Puregon - instructions for use, analogs, reviews and release forms (injections in ampoules for injection 50 IU, 100 IU, 150 IU, 200 IU, 300 IU, 600 IU and 900 IU in solution, pen PEN) of the drug for infertility in women and stimulation of ovulation with IVF

In this article, you can read the instructions for using the drug Pureghon. There are reviews of visitors to the site - consumers of this medication, as well as opinions of doctors of specialists on the use of Puregon in their practice. A big request is to actively add their comments about the drug: the medicine helped or did not help get rid of the disease and condition, which were observed complications and side effects, possibly not declared by the manufacturer in the annotation. Analogues of Puregon in the presence of existing structural analogues.
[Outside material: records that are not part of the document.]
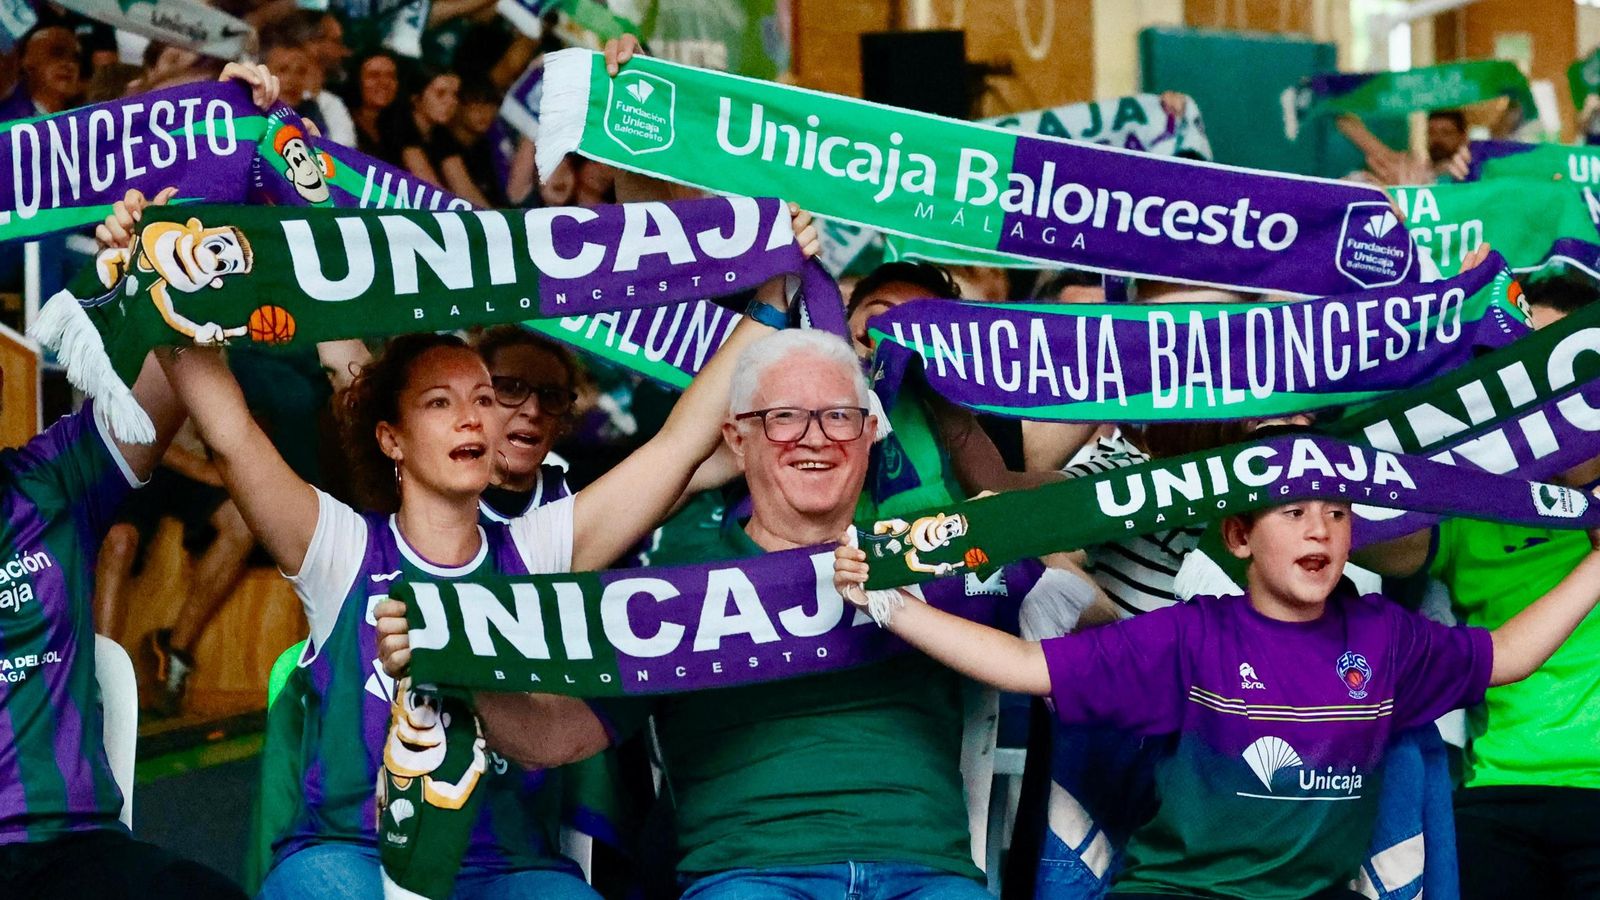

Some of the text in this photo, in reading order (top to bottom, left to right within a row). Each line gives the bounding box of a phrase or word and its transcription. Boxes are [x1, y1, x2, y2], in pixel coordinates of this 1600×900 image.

[616, 100, 666, 124] Fundación
[622, 114, 659, 133] Unicaja
[716, 97, 1299, 251] Unicaja Baloncesto
[914, 202, 1086, 250] MÁLAGA
[1347, 238, 1404, 258] Fundación
[413, 271, 736, 319] BALONCESTO
[892, 288, 1465, 408] UNICAJA BALONCESTO
[1095, 437, 1417, 515] UNICAJA
[1125, 480, 1399, 529] BALONCESTO
[494, 647, 829, 684] BALONCESTO
[1299, 765, 1362, 795] Unicaja
Use to treat infertility in women and stimulate ovulation, including IVF (in vitro fertilization), as well as,what to do when pregnancy comes and breastfeeding.

Pureghon - recombinant follicle-stimulating hormone (FSH), which is obtained by recombinant DNA technology, using the culture of Chinese hamster ovary cells, into which the genes of human FSH subunits are introduced. The primary amino acid sequence of recombinant DNA is identical to that of natural human FSH. There are small differences in the structure of the hydrocarbon chain.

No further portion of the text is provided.